Critique (d'une personne qui ne sait pas faire de critique) après un second visionnage

Avis sur Juste la fin du monde

Avatar Léa Nø
Critique publiée par le

En tant qu'admiratrice de Xavier Dolan, j'avais regardé ce film à sa sortie très hâtivement, en l'attendant au tournant à cause de son choix d'acteurs. Je l'avais regardé du coin de l'oeil, sans y être intégralement plongée, dérangée par le rôle de Cassel qui prenait toute la place ; je le percevais comme le personnage central car c'est celui que l'on entend le plus. Je l'avais trouvé beau mais sans plus ; à mes yeux, ça ne valait pas ## Les Amours Imaginaires ## ou un ## Mommy ##.

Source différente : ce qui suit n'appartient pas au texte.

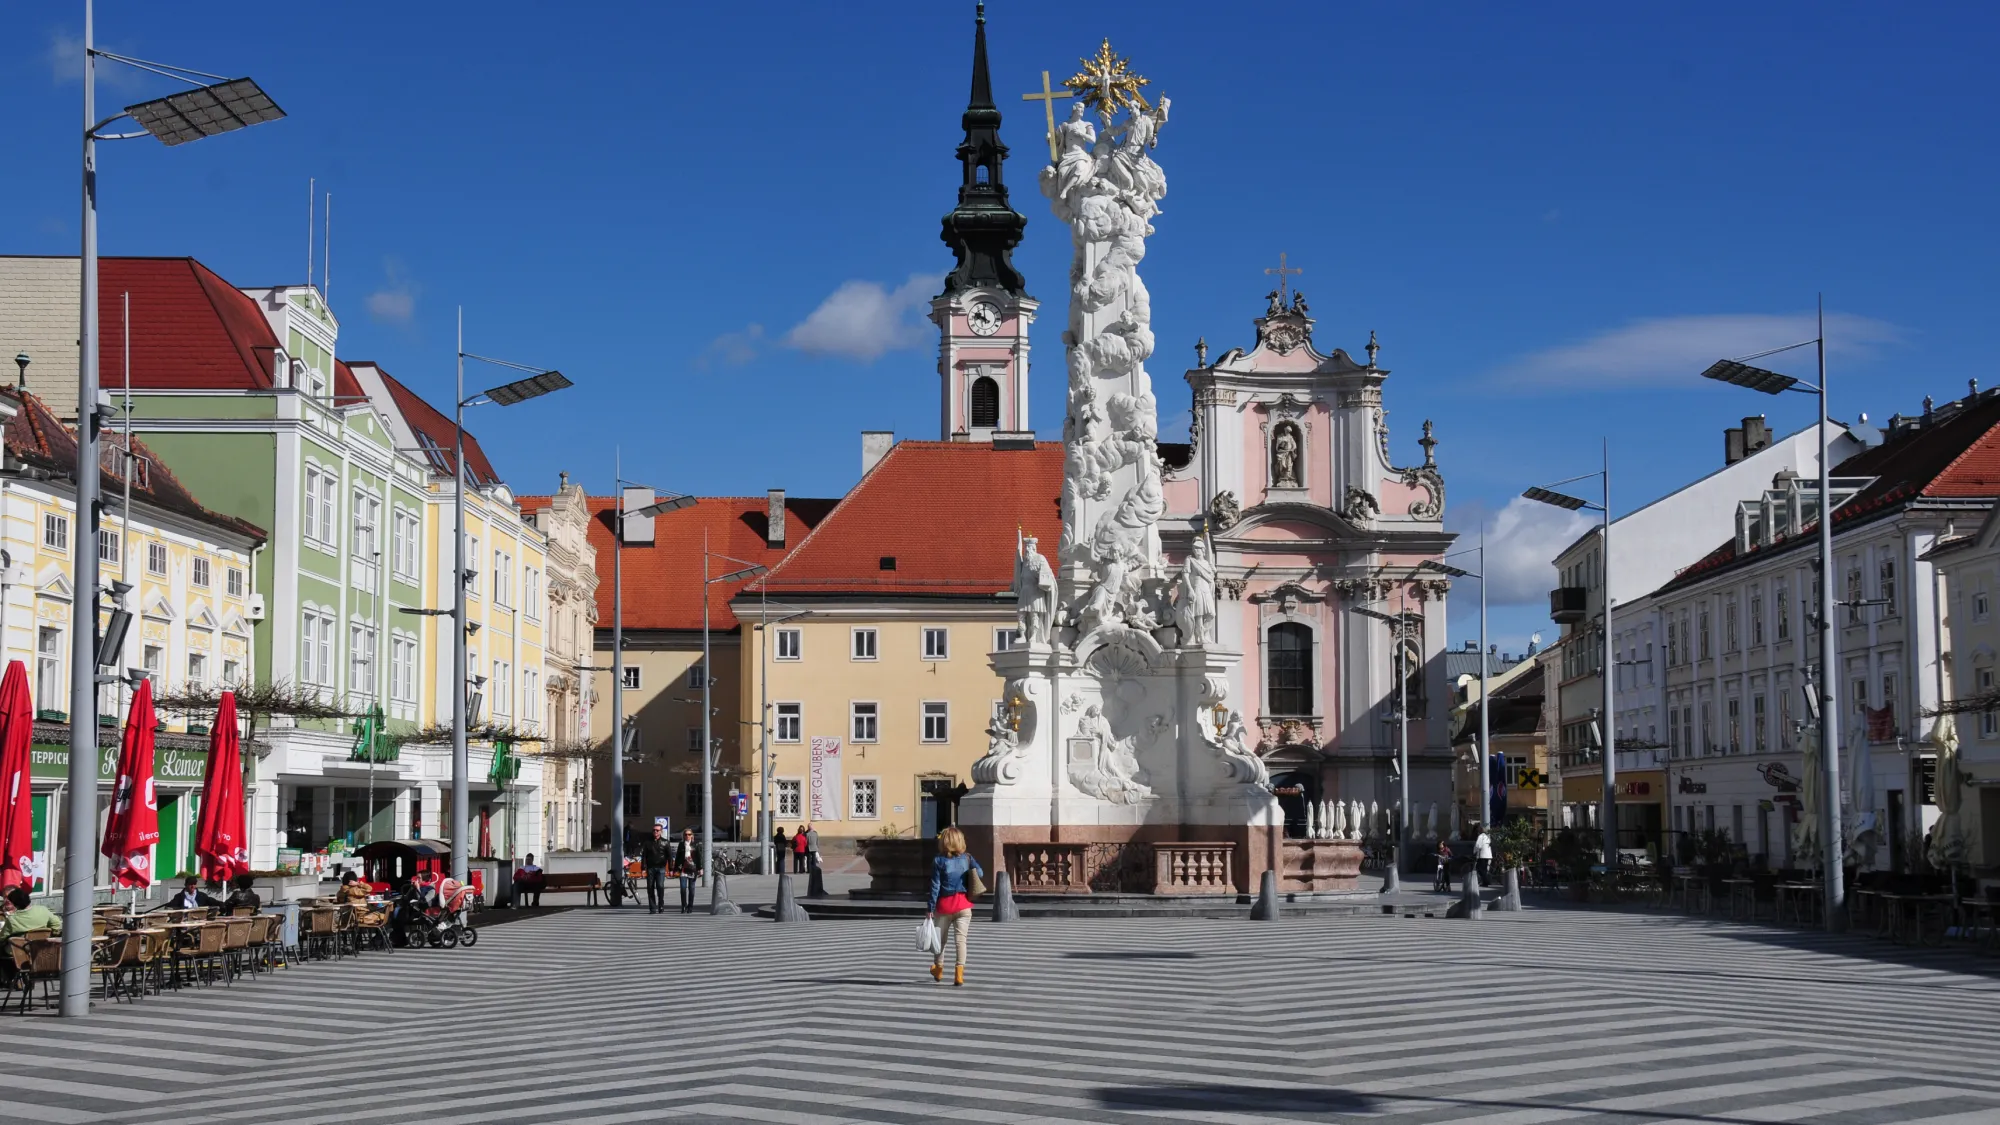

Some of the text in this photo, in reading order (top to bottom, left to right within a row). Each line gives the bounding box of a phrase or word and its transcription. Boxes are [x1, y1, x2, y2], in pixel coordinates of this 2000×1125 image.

Hier soir, j'ai revu le film. Je ne m'en souvenais pas, je ne savais même plus si Louis finissait par dire ce pour quoi il rendait visite à cette famille complètement malade, dérangée, dérangeante, insupportable. Dès les premières minutes, j'étais prise dans un sentiment d'angoisse très profond; je ressentais ce que je n'avais pas ressenti la première fois; j'étais prise dans le film. Ce fut difficilement contenable - j'avais parfois le besoin de pousser des sons pour évacuer l'angoisse que cette famille impose.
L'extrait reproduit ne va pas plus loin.